A philosophically rich critique of state violence and mass apathy.

An Egyptian Canadian journalist writes searchingly of this time of war.

“Rules, conventions, morals, reality itself: all exist so long as their existence is convenient to the preservation of power.” So writes El Akkad, who goes on to state that one of the demands of modern power is that those subject to it must imagine that some group of people somewhere are not fully human. El Akkad’s pointed example is Gaza, the current destruction of which, he writes, is causing millions of people around the world to examine the supposedly rules-governed, democratic West and declare, “I want nothing to do with this.” El Akkad, author of the novel American War (2017), discerns hypocrisy and racism in the West’s defense of Ukraine and what he views as indifference toward the Palestinian people. No stranger to war zones himself—El Akkad was a correspondent in Afghanistan and Iraq—he writes with grim matter-of-factness about murdered children, famine, and the deliberate targeting of civilians.

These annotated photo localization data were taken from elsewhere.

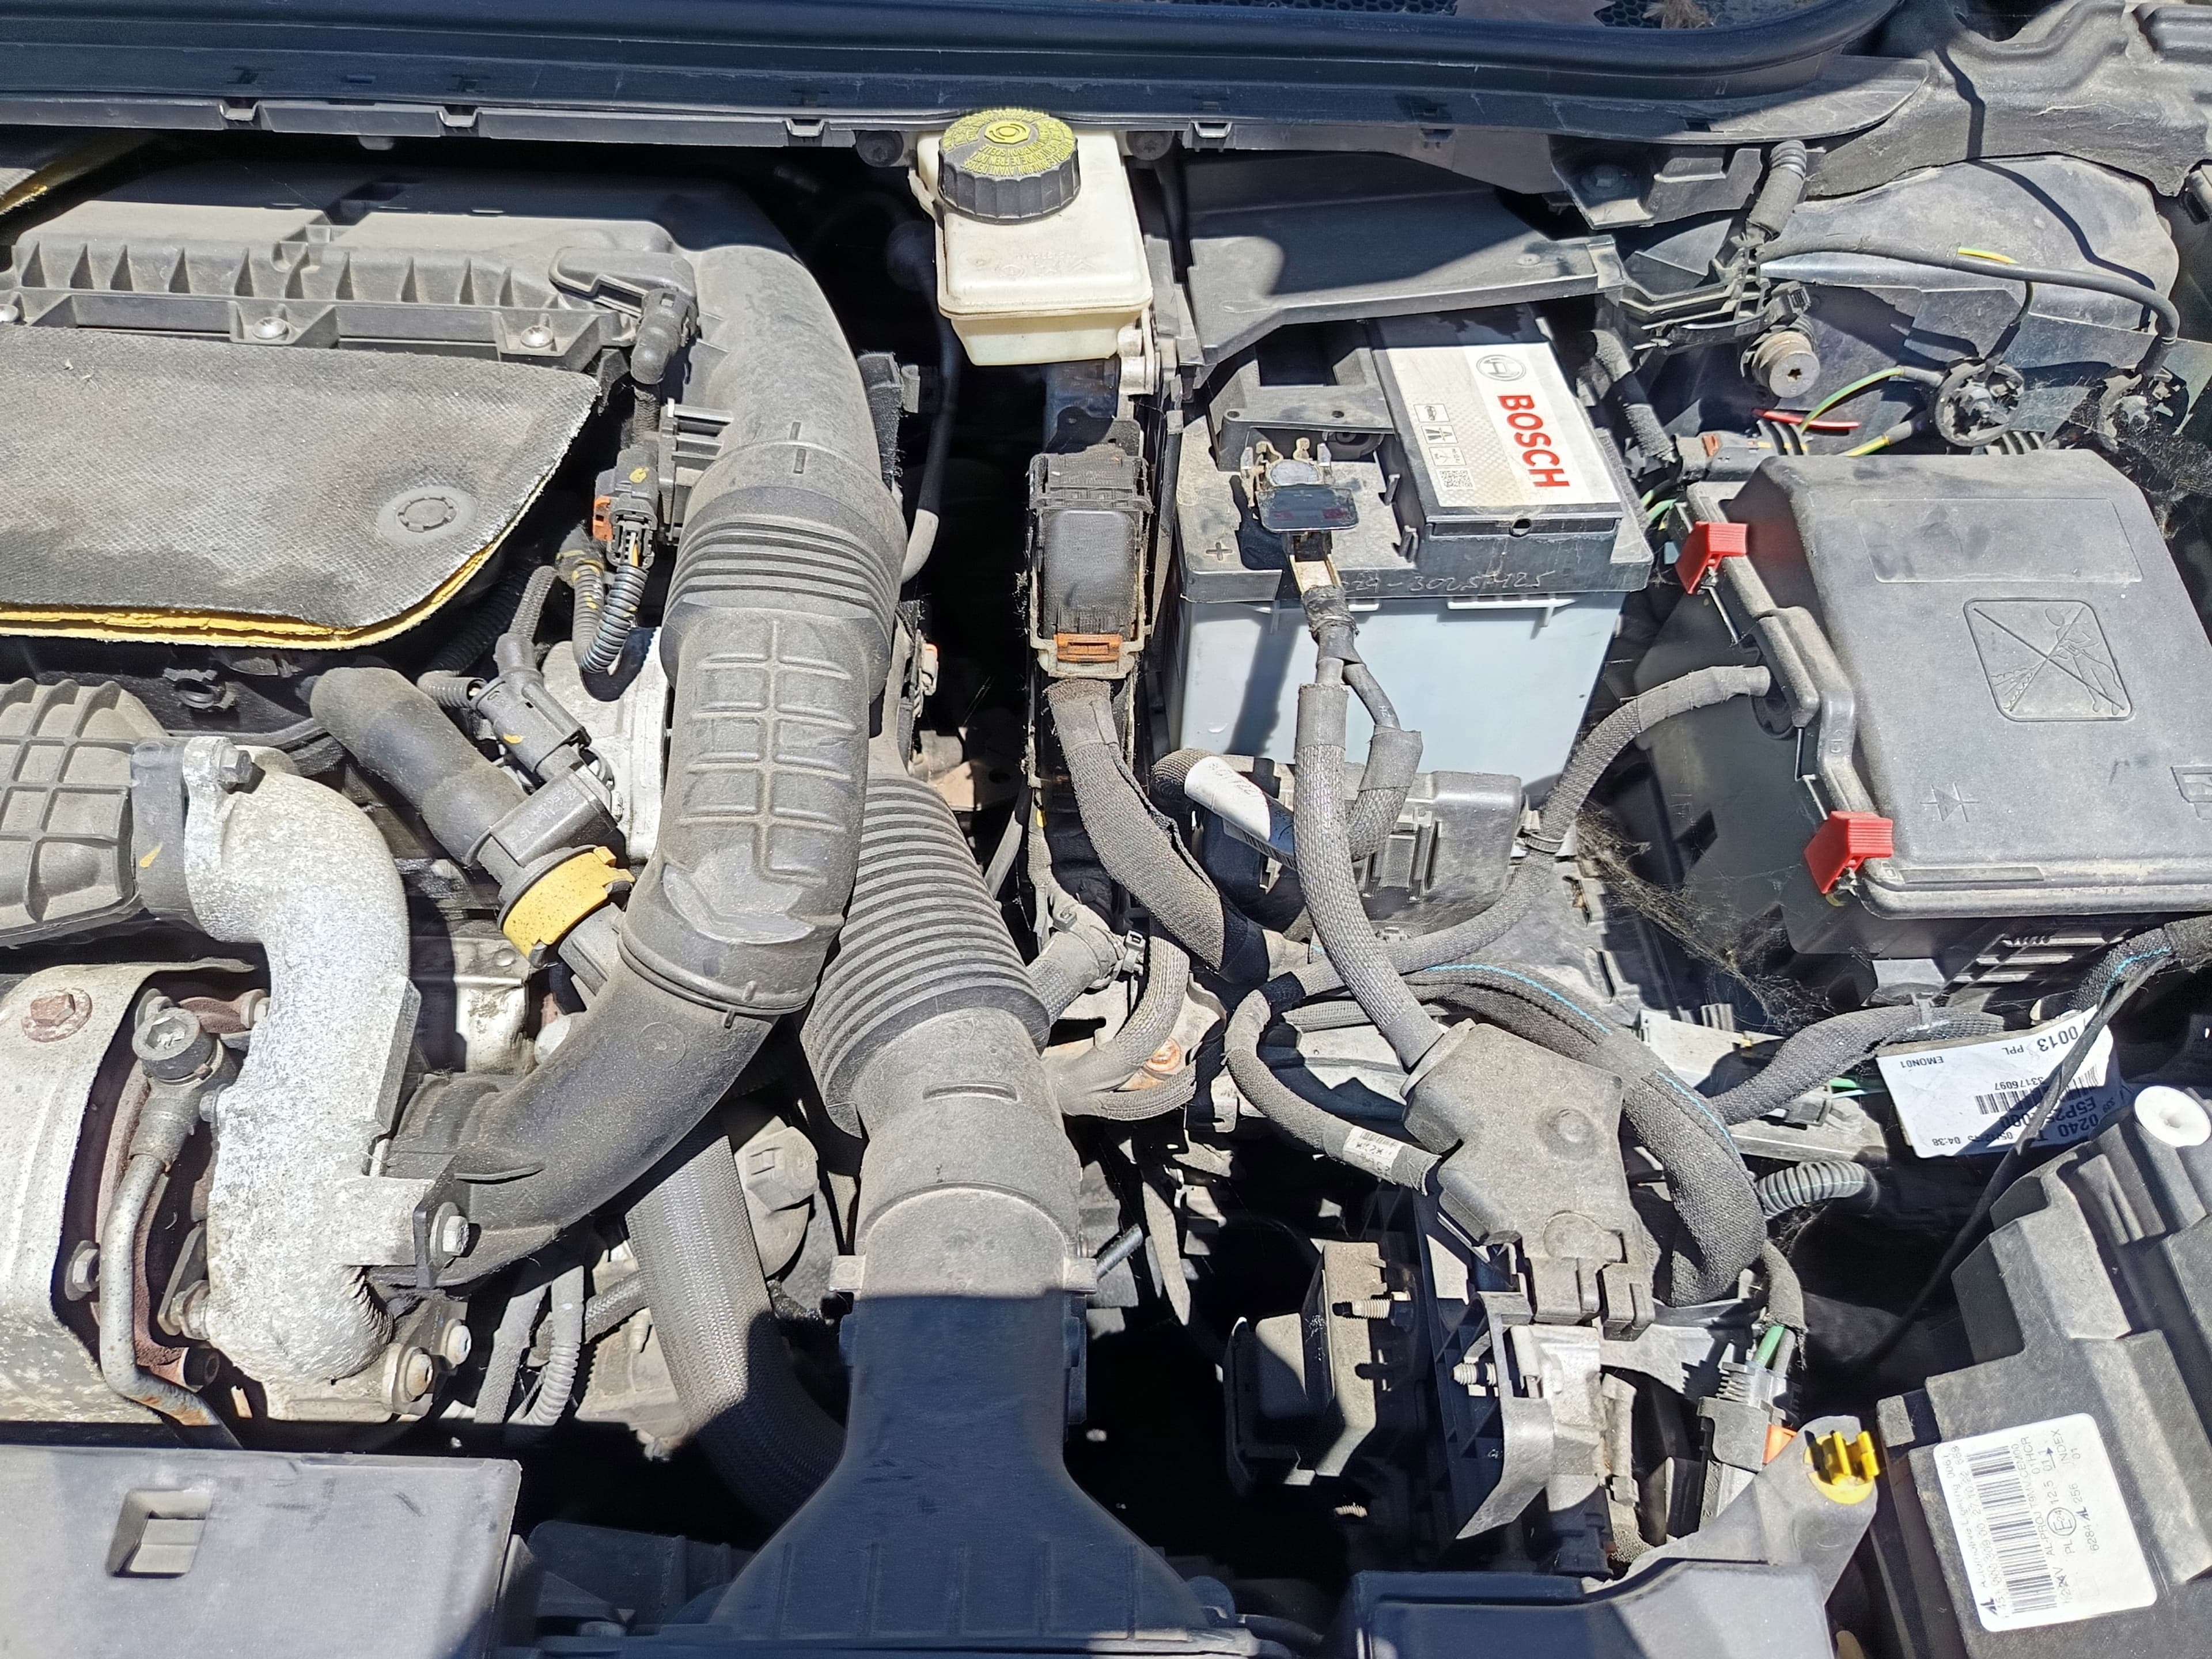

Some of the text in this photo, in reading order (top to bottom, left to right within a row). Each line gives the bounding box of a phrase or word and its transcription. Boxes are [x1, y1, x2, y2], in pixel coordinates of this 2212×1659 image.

[978, 143, 1033, 157] BIDON SCELLE
[959, 159, 987, 175] DEPOSE
[990, 155, 1009, 166] FREIN
[1010, 157, 1020, 165] DE
[1018, 159, 1049, 175] BOUCHON
[988, 165, 1013, 177] AVANT
[1498, 394, 1570, 487] BOSCH
[1900, 1026, 2078, 1068] 0013 PPL EMON01
[1995, 1076, 2044, 1090] 33176097
[2058, 1114, 2099, 1137] 0240
[1932, 1137, 1961, 1146] 04:38
[2051, 1429, 2070, 1464] INDEX
[2071, 1448, 2081, 1460] 01
[2011, 1444, 2028, 1478] CEM00
[2043, 1480, 2059, 1505] 12.5
[2069, 1483, 2083, 1503] 256
[1977, 1522, 1988, 1537] 00
[2033, 1511, 2055, 1556] AL-PROJ
[2084, 1525, 2100, 1551] 6284
[2064, 1539, 2075, 1554] PL

With no love for Zionism lost, he offers an equally harsh critique of Hamas, yet another one of the “entities obsessed with violence as an ethos, brutal in their treatment of minority groups who in their view should not exist, and self-­decreed to be the true protectors of an entire religion.” Taking a global view, El Akkad, who lives in the U.S., finds almost every government and society wanting, and not least those, he says, that turn away and pretend not to know, behavior that we’ve seen before and that, in the spirit of his title, will one day be explained away until, in the end, it comes down to “a quiet unheard reckoning in the winter of life between the one who said nothing, did nothing, and their own soul.”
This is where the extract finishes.